Understood. Understood. Just one last question on the margins bit. The other expenses, they fell very sharply on a Q and Q basis. Just wanted to understand what led to that and what should be a sustainable number going forward.
Yeah. Yeah, I will have Gaurav respond to that.
Hey, hi,Sulabh , I think as this is a soft quarter and difficult times, uncertainty, we have been very disciplined in terms of some of the discretionary spend that we have been doing. Along with some of the other expenses, non-people costs, we have been very cautious in terms of how much to be spent and where to be spent. Most of that saving is coming from some of the third-party contractors, consultants, travels, the visas, and the office consolidation. Most of those savings are coming from those discretionary spend, which we believe can be avoided for the time being till the time we see the better growth on the top line. I think we put those measures into consideration and execution even before this quarter.
Those have started to give us some better results in the quarter, and we continue to measure those as we move forward in the next quarter, in the next financial year.
Understood.
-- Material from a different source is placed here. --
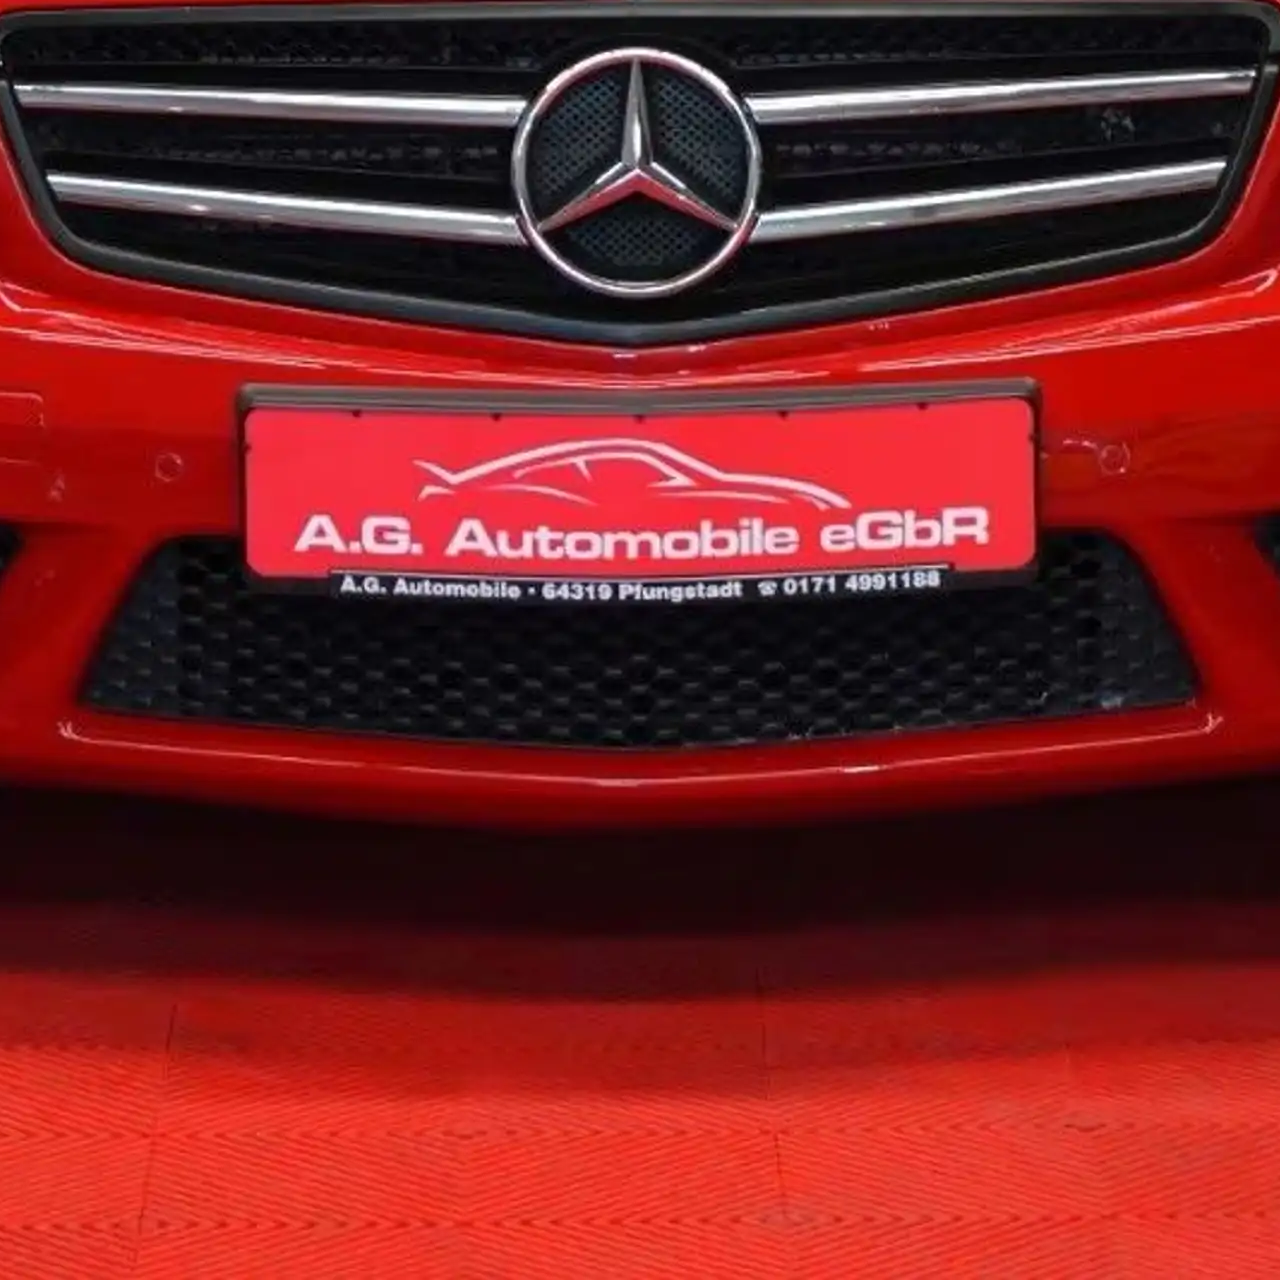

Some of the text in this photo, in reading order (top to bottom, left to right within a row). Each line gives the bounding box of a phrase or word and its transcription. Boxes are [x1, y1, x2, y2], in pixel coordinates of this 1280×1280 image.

[294, 506, 991, 560] A.G. Automobile eGbR
[339, 570, 941, 603] A.G. Automobile 64319 Pfungstadt 0171 4991188
Thanks for taking my question.
Thank you.
Thank you. Next question is from Manesh from Axis Capital. Please go ahead.
Hi, thank you for the opportunity. I actually wanted to clarify on a couple of things. Number one thing is that if I see your last three years' performance, you've had challenges in two of the three industry verticals. Automotive was the one which was driving growth. With some of these deal wins that you've announced in the current quarter, do you think we've begun to essentially reverse the course of declines that we've seen in the other two industry segments? That's question number one. The second question with regards to margins, once again, I would presume that some of the margin decline is on account of revenue weakness. As you are now saying that we should probably be looking at stability to improvement in growth from Q4 levels, does that mean that we should probably start to see an improvement in margins as well?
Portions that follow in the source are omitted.